Warning: copying very large files (larger than available memory) on Windows will bring your computer to a screeching halt.
Let’s say you have a 60 gigabyte file on Computer A that you wish to copy to Computer B. Both Computer A and Computer B have 16 gigabytes of memory. Assuming that you have the network and file sharing permissions set correctly, you can issue this command on ComputerB:
copy /v \\ComputerA\Data\Filename.bin C:\Data\Filename.bin
As you would expect, that command reaches across the network and begins copying the file from Computer A to the local drive on Computer B.
What you don’t expect is for the command to bring Computer A and possibly Computer B to a screeching halt. It takes a while, but after 20 or 30 gigabytes of the file is copied, Computer A stops responding. It doesn’t gradually get slower. No, at some point it just stops responding to keyboard and mouse input. Every program starts running as though you’re emulating a Pentium on a 2 MHz 6502, using a cassette tape as virtual memory.
Why does this happen? I’m so glad you asked. It happens because Windows is caching the reads. It’s reading ahead, copying data from the disk into memory as fast as it can, and then dribbling it out across the network as needed. When the cache has consumed all unused memory, it starts chewing on memory that’s used by other programs, somehow forcing the operating system to page executing code and active data out to virtual memory in favor of the cache. Then, the system starts thrashing: swapping things in and out of virtual memory.
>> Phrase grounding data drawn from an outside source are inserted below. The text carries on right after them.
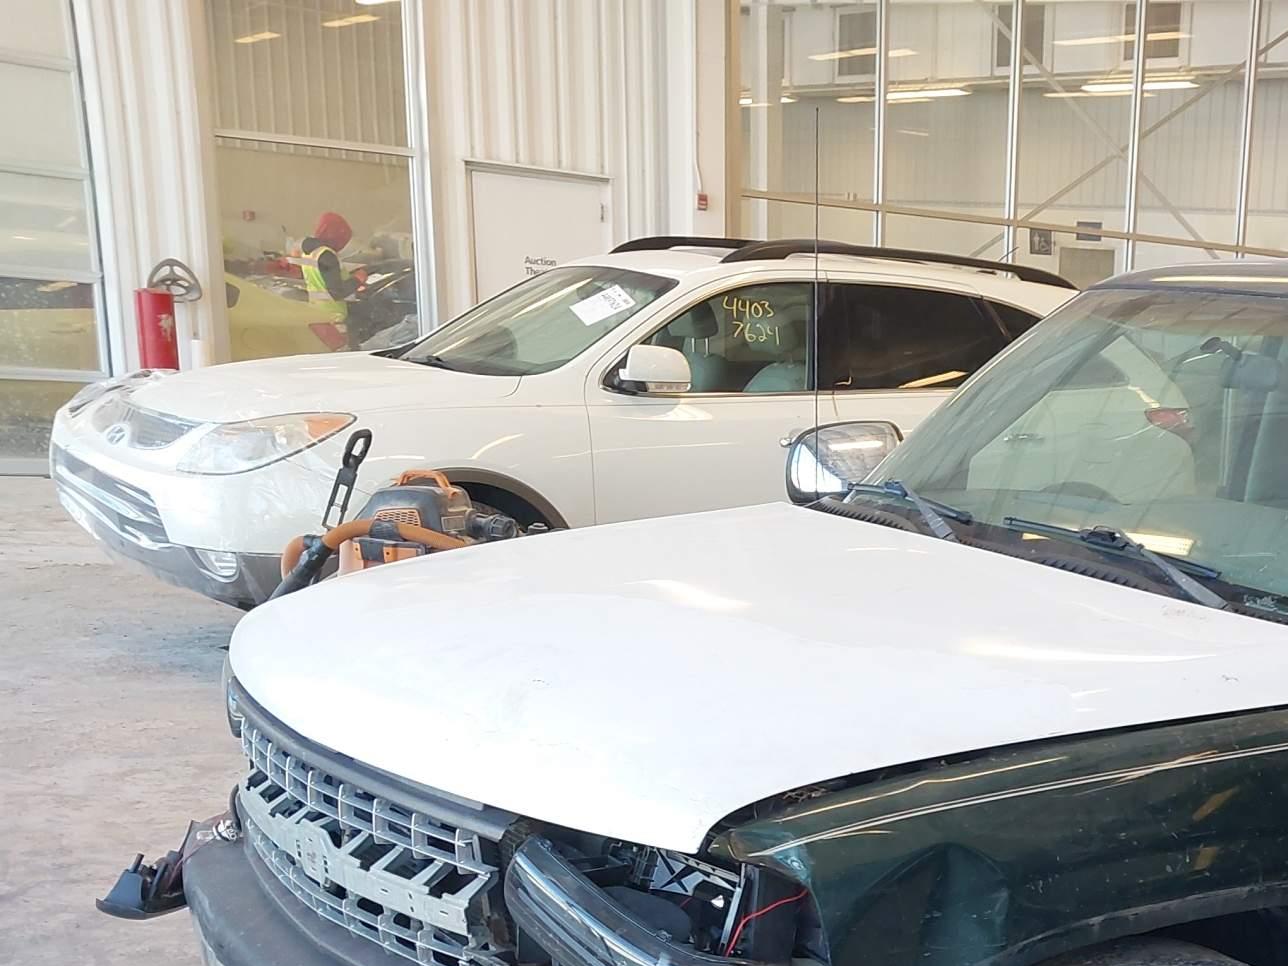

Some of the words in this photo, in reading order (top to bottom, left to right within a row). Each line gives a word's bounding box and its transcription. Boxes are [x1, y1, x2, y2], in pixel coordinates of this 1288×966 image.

[524, 256, 557, 266] Auction
[722, 296, 775, 319] 4403
[732, 321, 780, 346] 7624
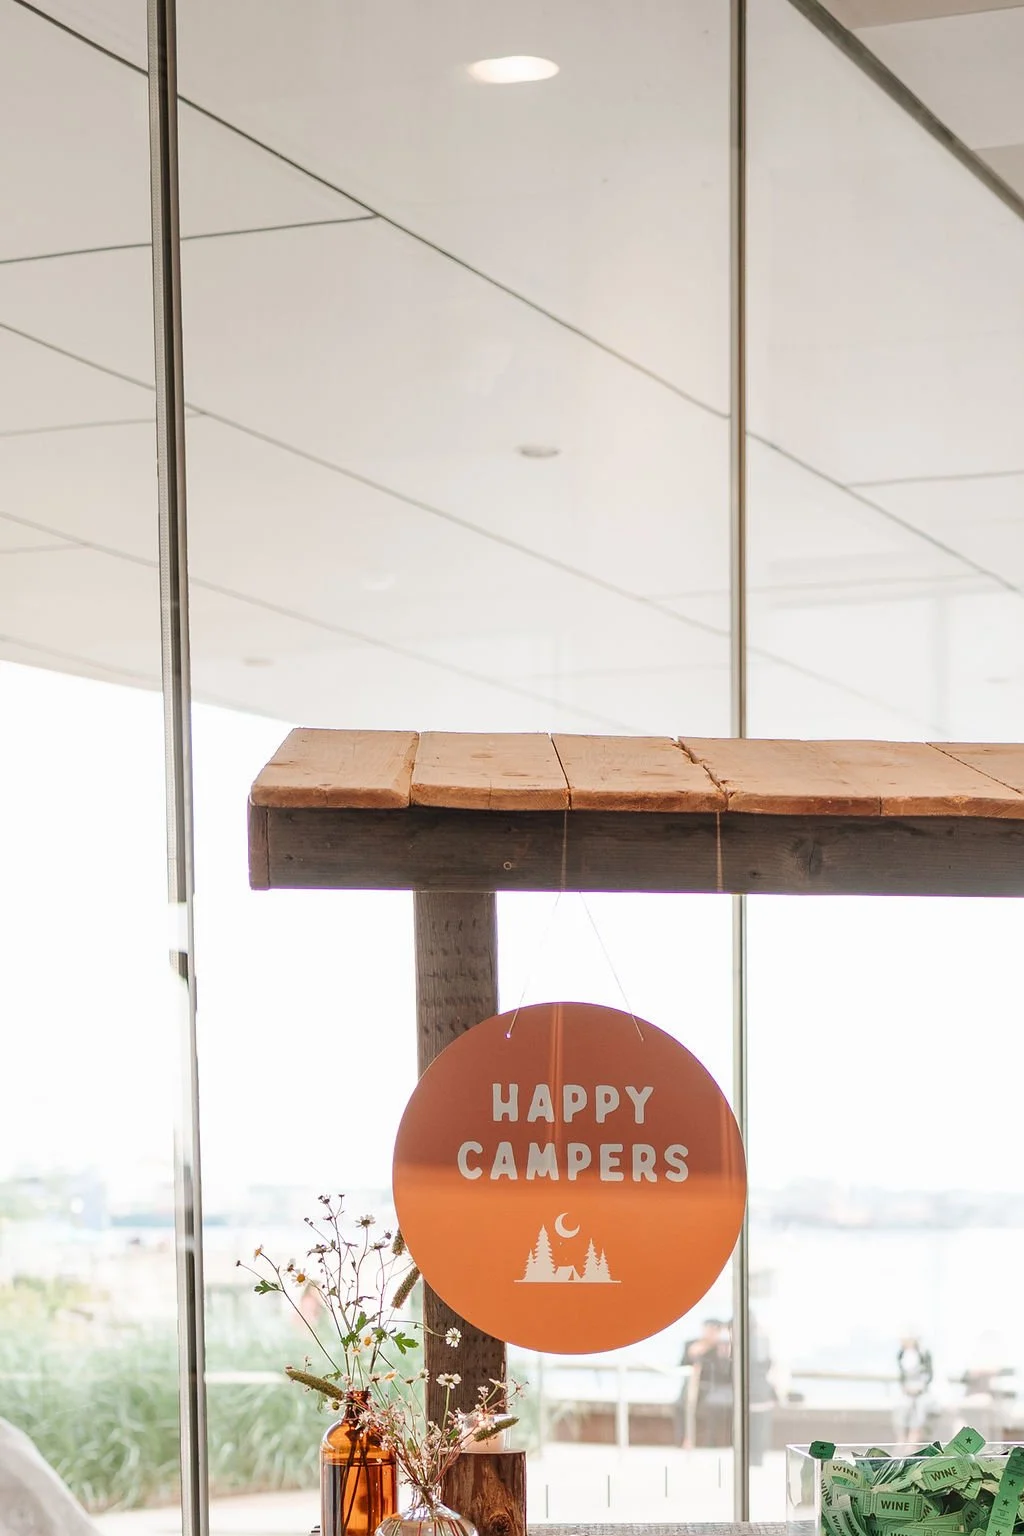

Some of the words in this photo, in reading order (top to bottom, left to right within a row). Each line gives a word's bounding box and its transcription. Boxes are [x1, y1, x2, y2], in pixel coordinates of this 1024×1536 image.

[492, 1083, 654, 1124] HAPPY
[457, 1141, 689, 1183] CAMPERS
[832, 1465, 859, 1479] WINE
[931, 1466, 958, 1482] WINE
[881, 1500, 910, 1512] WINE
It’s a well known problem with Windows. As I understand it, it comes from the way that the COPY and XCOPY commands (as well as the copy operation in Windows Explorer) are implemented. Those commands use the CopyFile or CopyFileEx API functions, which “take advantage” of disk caching. The suggested workaround is to use a program that creates an empty file and then calls the ReadFile and WriteFile functions to read and write smaller-sized blocks of the file.
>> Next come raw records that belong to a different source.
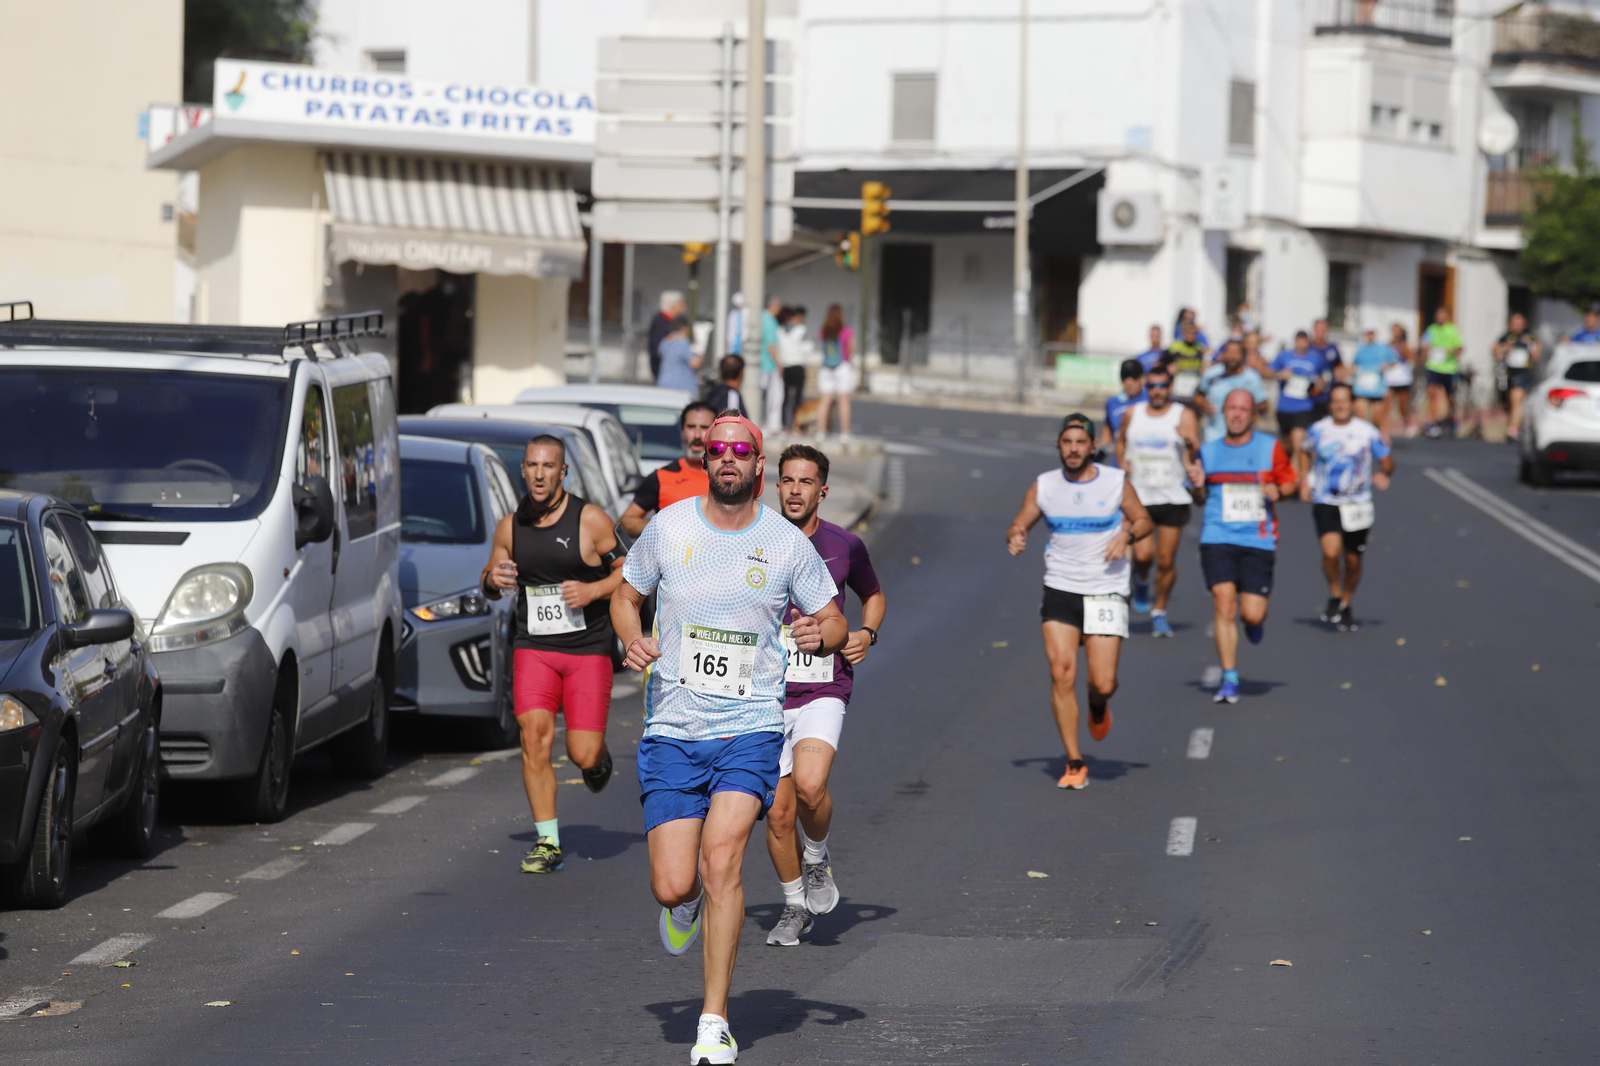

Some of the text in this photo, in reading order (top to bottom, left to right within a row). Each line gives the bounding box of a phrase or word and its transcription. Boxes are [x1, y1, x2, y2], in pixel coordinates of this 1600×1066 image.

[262, 71, 414, 100] CHURROS
[444, 84, 594, 111] CHOCOLA
[304, 99, 573, 136] PATATAS FRITAS
[537, 605, 563, 621] 663
[1098, 608, 1114, 622] 83
[696, 628, 720, 642] VUELTA
[721, 633, 727, 643] A
[728, 634, 752, 645] HUELA
[693, 652, 729, 677] 165
That’s idiotic. There may be very good reasons to use CopyFileEx in favor of ReadFile/WriteFile, but whatever advantages that function has are completely negated if using it causes Windows to cache stupidly and prevent other programs from running. It seems to me that either CopyFileEx should be made a little smarter about caching, or COPY, XCOPY and whatever other parts of Windows use it should be rewritten. There is no excuse for a file copy to consume all memory in the system.
I find it interesting that the TechNet article I linked above recommends using a different program (ESEUTIL, which apparently is part of Exchange) to copy large files.
This problem has been known for a very long time. Can anybody give me a good reason why it hasn’t been addressed? Is there some benefit to have the system commands implemented in this way?
Update, October 16
It might be that Microsoft doesn’t consider this a high priority. In my opinion it should be given the highest possible priority because it enables what is in effect a denial of service attack. Copying a large file across the network will cause the source machine to become unresponsive. As bad as that is for desktop machines, it’s much worse for servers. Imagine finding that your Web site is unresponsive because you decided to copy a large transaction file from the server.